+++ Task inputs
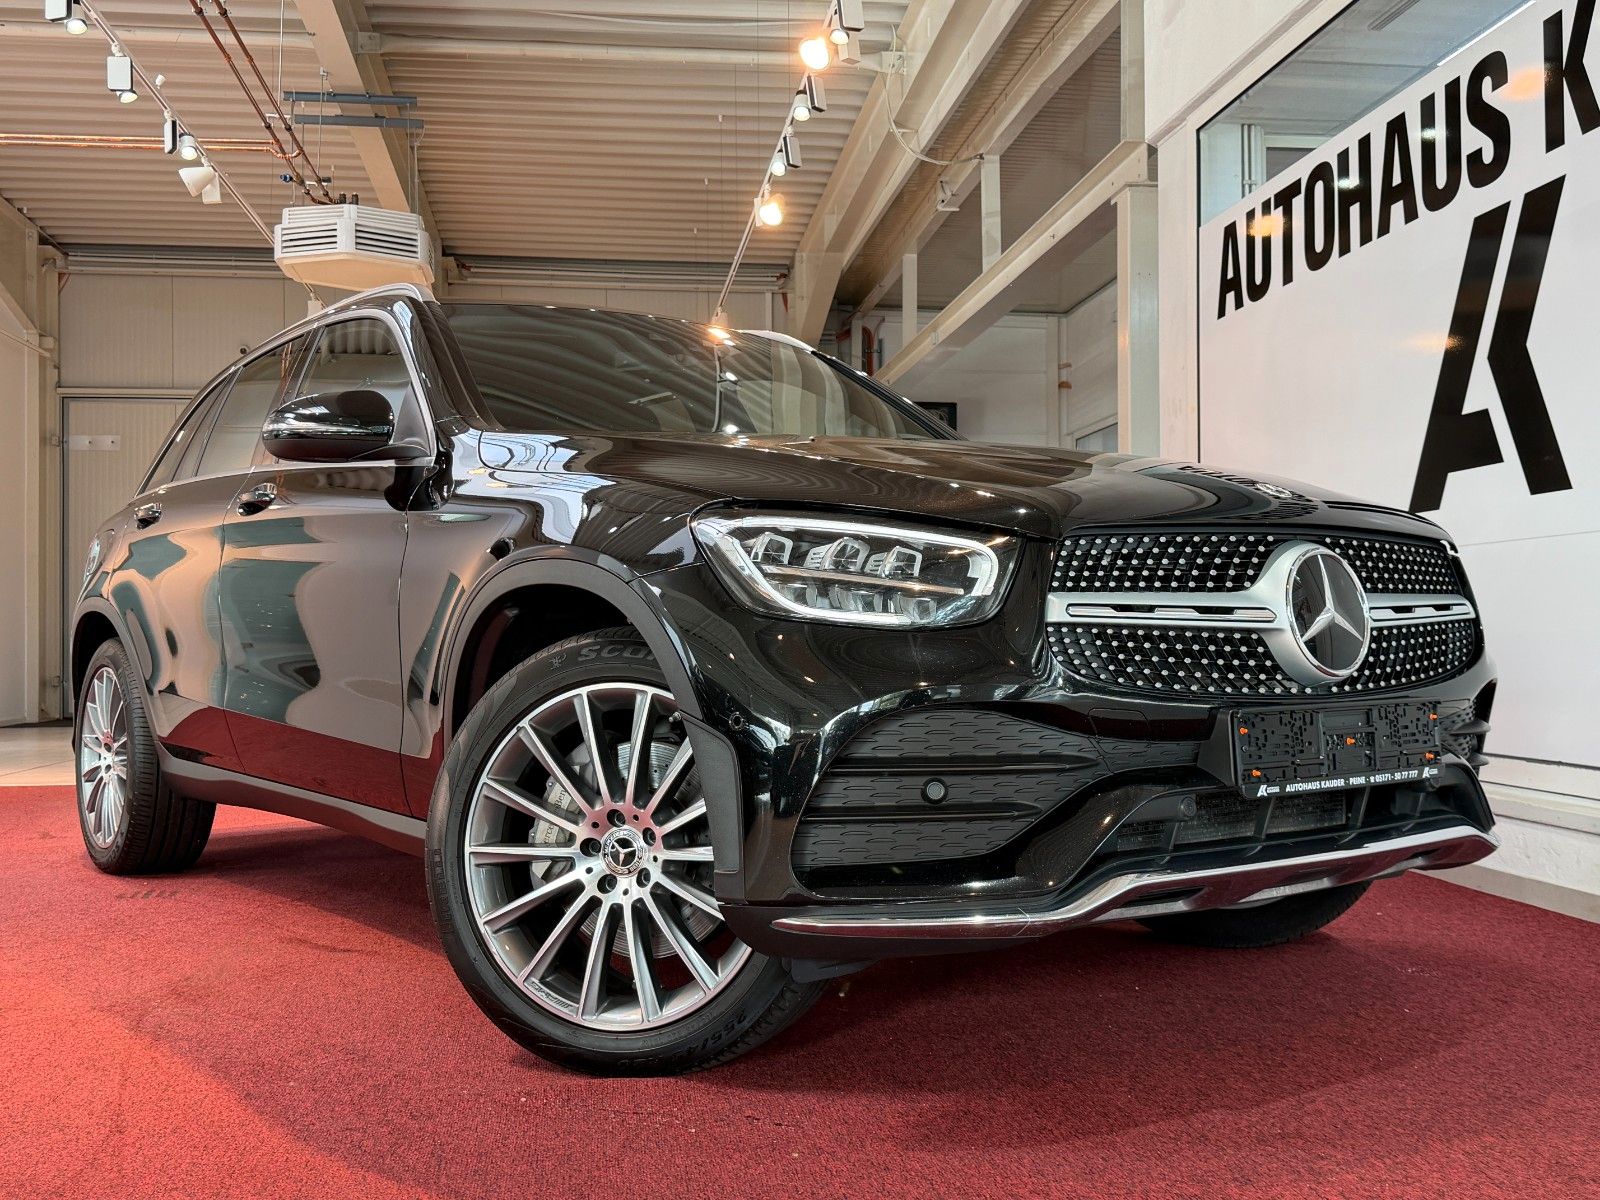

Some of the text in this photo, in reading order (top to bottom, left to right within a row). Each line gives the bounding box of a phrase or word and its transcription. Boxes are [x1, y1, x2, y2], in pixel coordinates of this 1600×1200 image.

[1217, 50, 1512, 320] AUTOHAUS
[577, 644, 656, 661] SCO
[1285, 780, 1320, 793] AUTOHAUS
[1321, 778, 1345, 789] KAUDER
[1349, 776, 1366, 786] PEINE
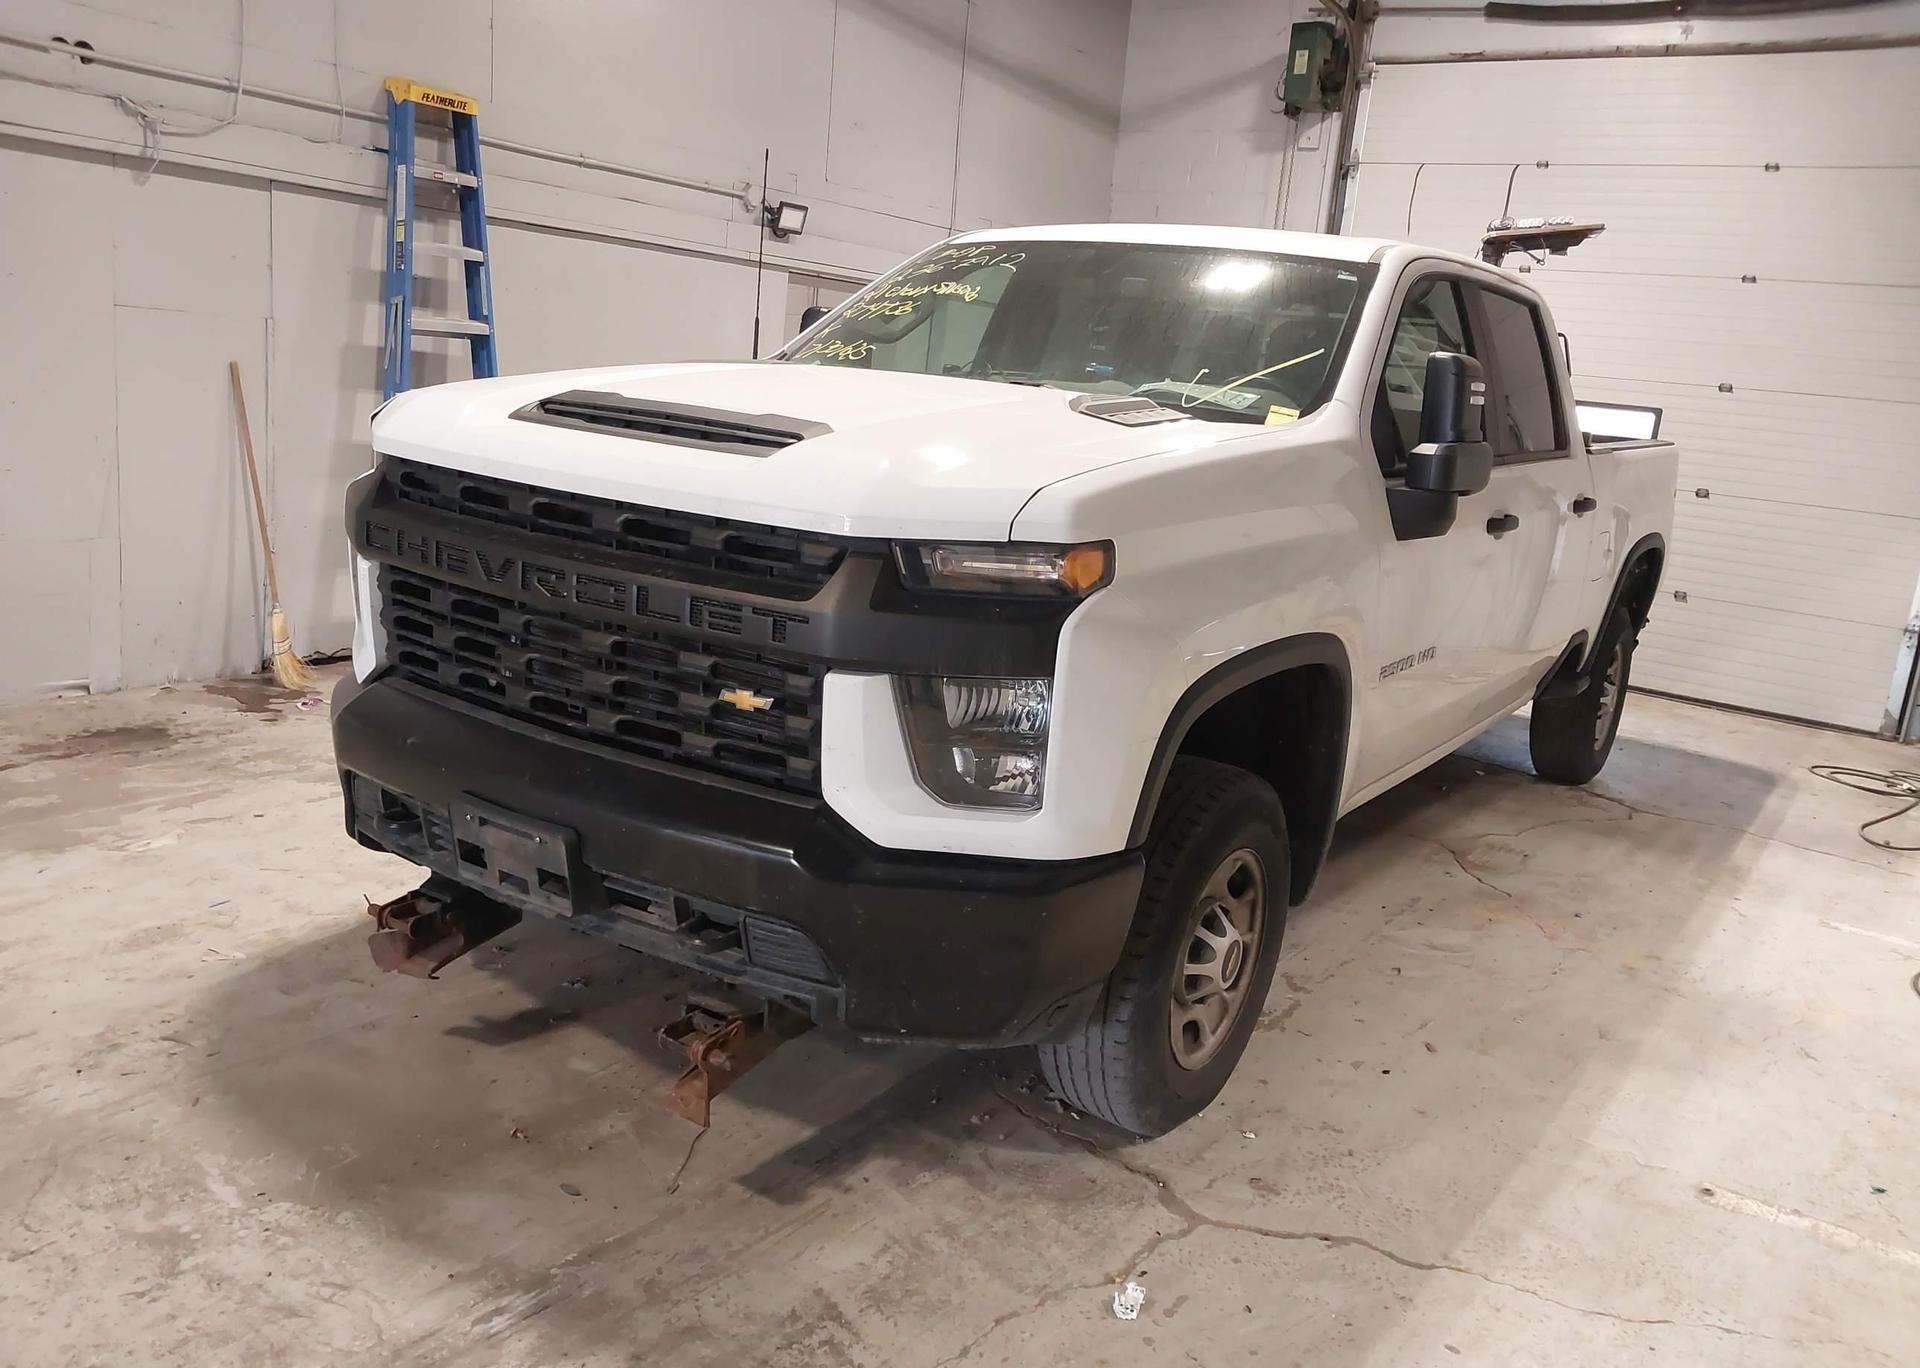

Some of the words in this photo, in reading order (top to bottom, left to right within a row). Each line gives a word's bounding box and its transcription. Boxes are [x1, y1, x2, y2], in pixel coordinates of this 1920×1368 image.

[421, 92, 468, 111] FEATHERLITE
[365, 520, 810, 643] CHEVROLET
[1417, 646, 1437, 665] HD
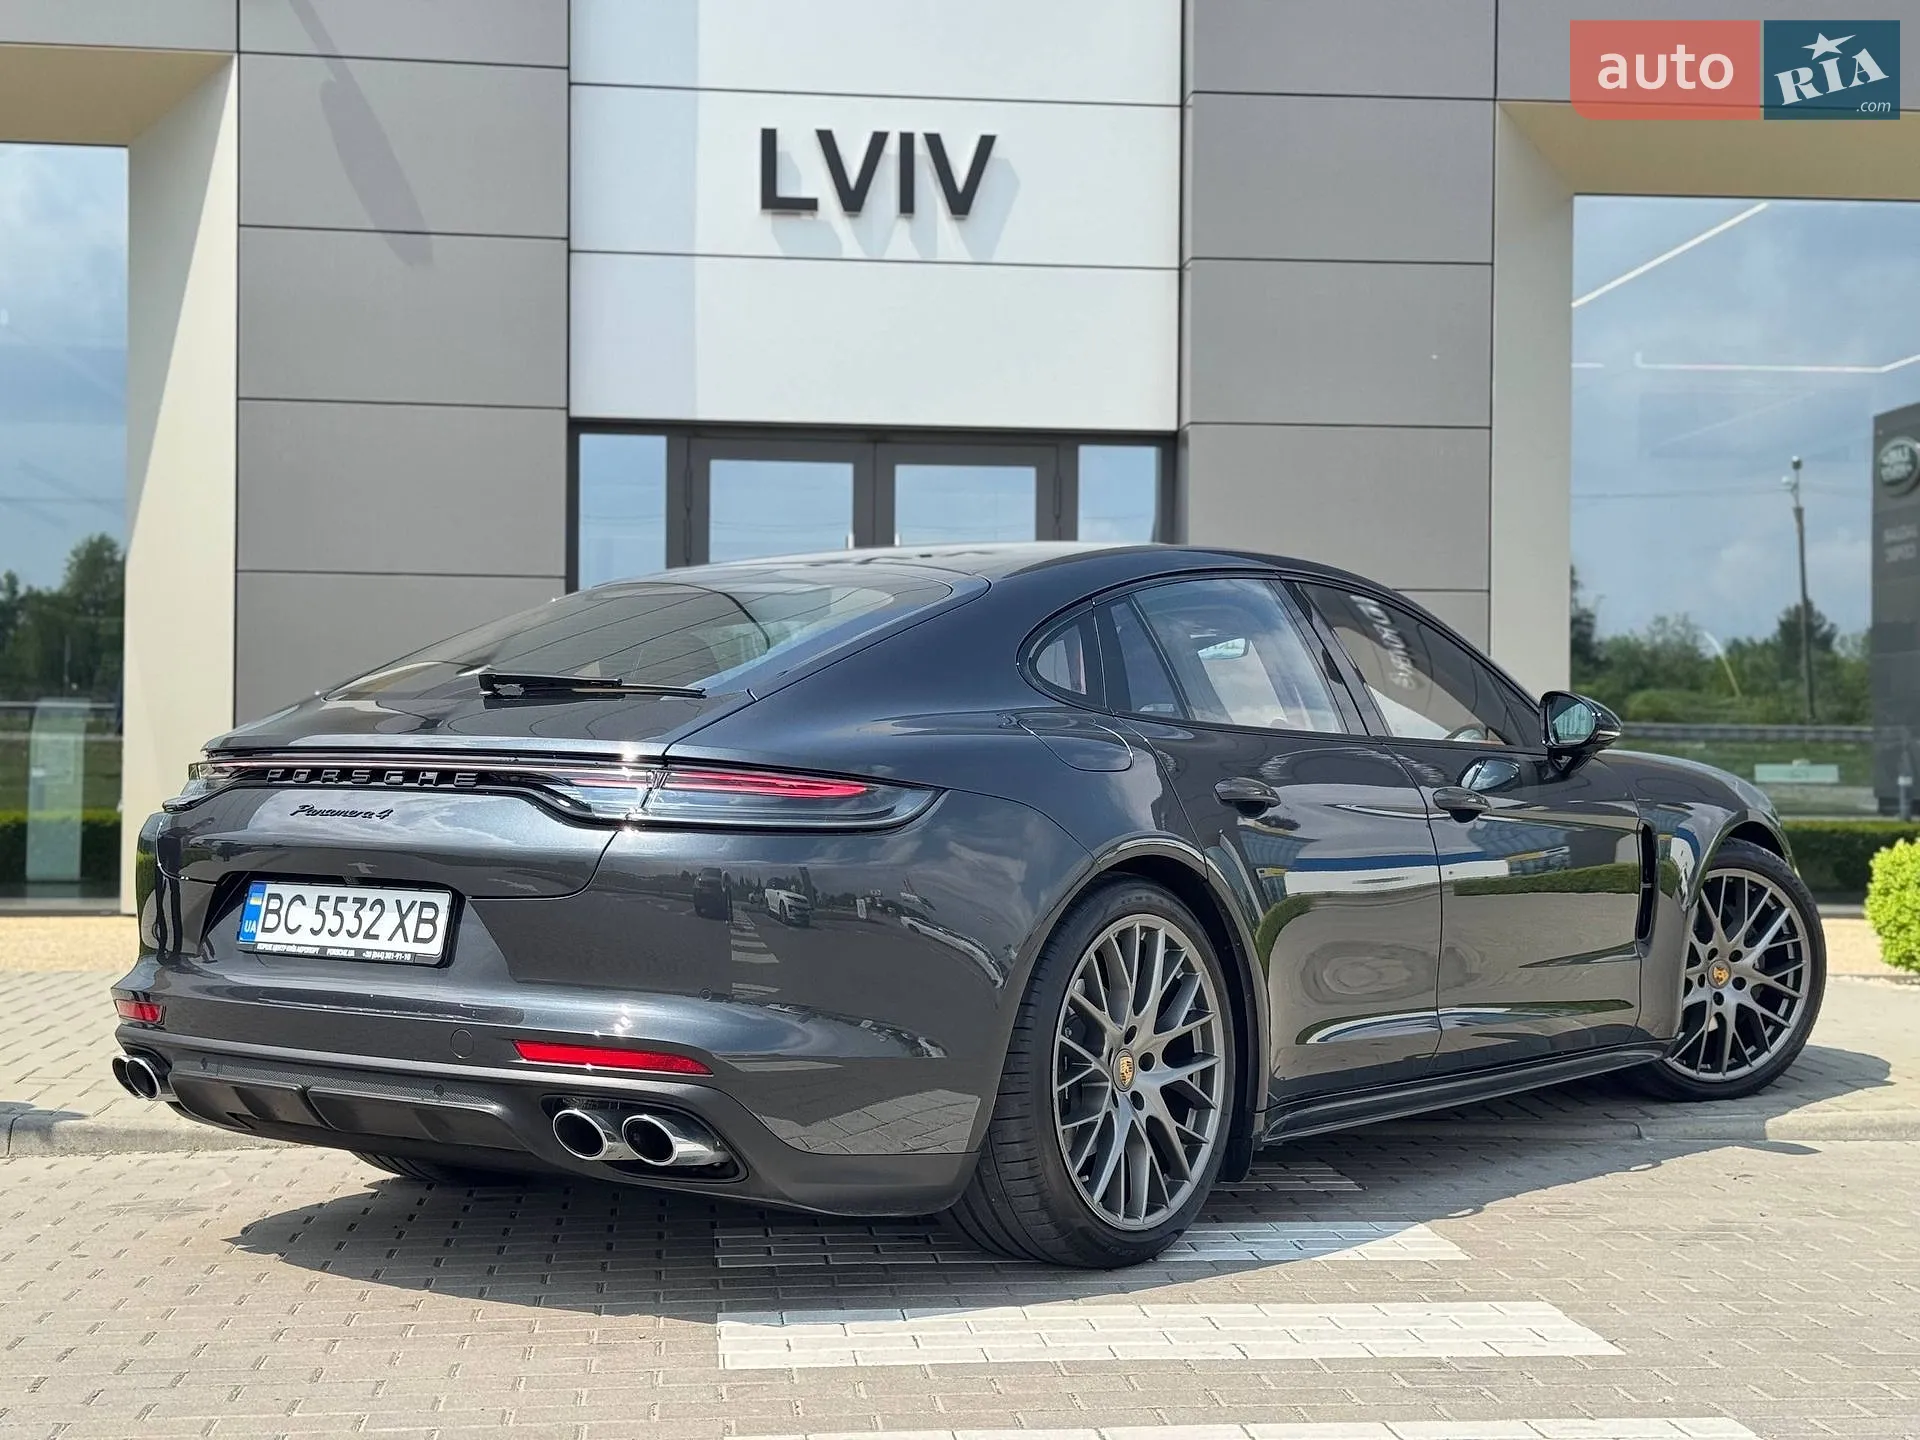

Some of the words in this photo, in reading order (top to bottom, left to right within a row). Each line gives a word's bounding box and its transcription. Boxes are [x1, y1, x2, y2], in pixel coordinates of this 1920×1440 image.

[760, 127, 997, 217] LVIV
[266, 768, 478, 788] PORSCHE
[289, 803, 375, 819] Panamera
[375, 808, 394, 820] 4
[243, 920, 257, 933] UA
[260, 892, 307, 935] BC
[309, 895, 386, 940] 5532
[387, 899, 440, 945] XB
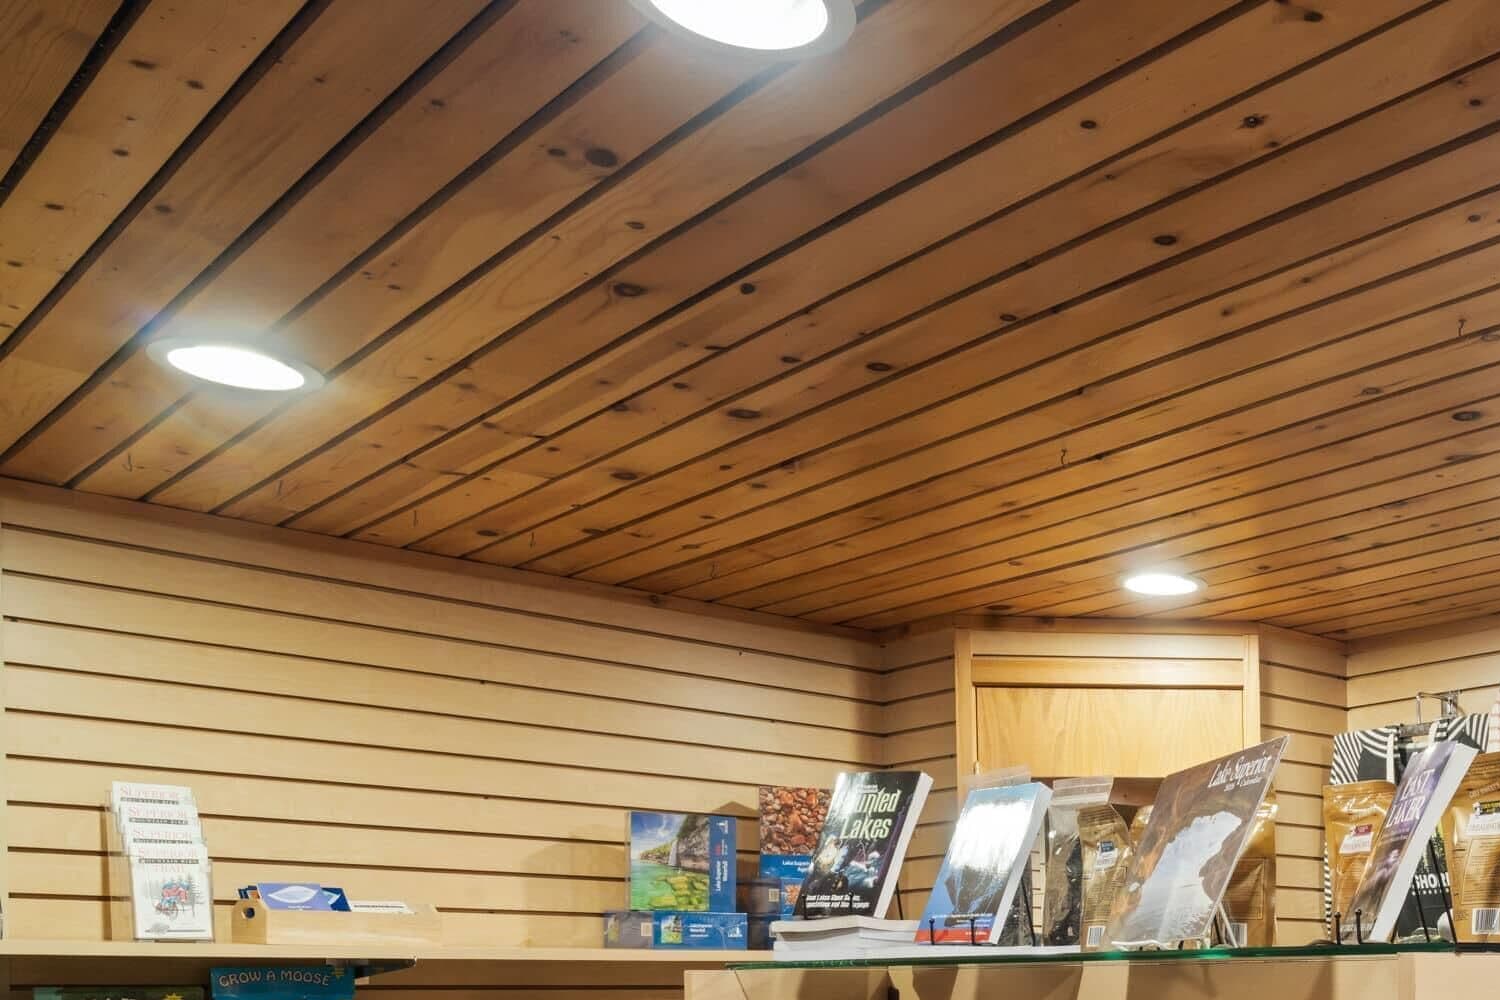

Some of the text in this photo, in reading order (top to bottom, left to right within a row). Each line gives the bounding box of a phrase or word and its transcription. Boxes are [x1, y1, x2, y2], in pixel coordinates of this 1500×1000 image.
++++++
» **Description of the task**
Produce a verbatim transcription of every line in the listing, images omitted.

» **Exercise result**
Some of the text in this photo, in reading order (top to bottom, left to right within a row). Each line gives the bounding box of a phrase or word and its transcription. Boxes are [x1, y1, x2, y2], in pixel coordinates of this 1600×1200 image.

[1217, 50, 1512, 320] AUTOHAUS
[577, 644, 656, 661] SCO
[1285, 780, 1320, 793] AUTOHAUS
[1321, 778, 1345, 789] KAUDER
[1349, 776, 1366, 786] PEINE

Some of the words in this photo, in reading order (top to bottom, left to right within a row). Each line gives a word's bounding box and its transcription. Boxes are [x1, y1, x2, y2], in pixel coordinates of this 1920×1368 image.

[421, 92, 468, 111] FEATHERLITE
[365, 520, 810, 643] CHEVROLET
[1417, 646, 1437, 665] HD

Some of the words in this photo, in reading order (top to bottom, left to right within a row). Each line gives a word's bounding box and its transcription. Boxes are [x1, y1, x2, y2], in pixel coordinates of this 1920×1440 image.

[760, 127, 997, 217] LVIV
[266, 768, 478, 788] PORSCHE
[289, 803, 375, 819] Panamera
[375, 808, 394, 820] 4
[243, 920, 257, 933] UA
[260, 892, 307, 935] BC
[309, 895, 386, 940] 5532
[387, 899, 440, 945] XB

Some of the text in this photo, in reading order (top to bottom, left to right within a row). Each line gives the bounding box of a phrase or word and its transcription. Boxes are [x1, y1, x2, y2], in pixel coordinates of this 1500×1000 image.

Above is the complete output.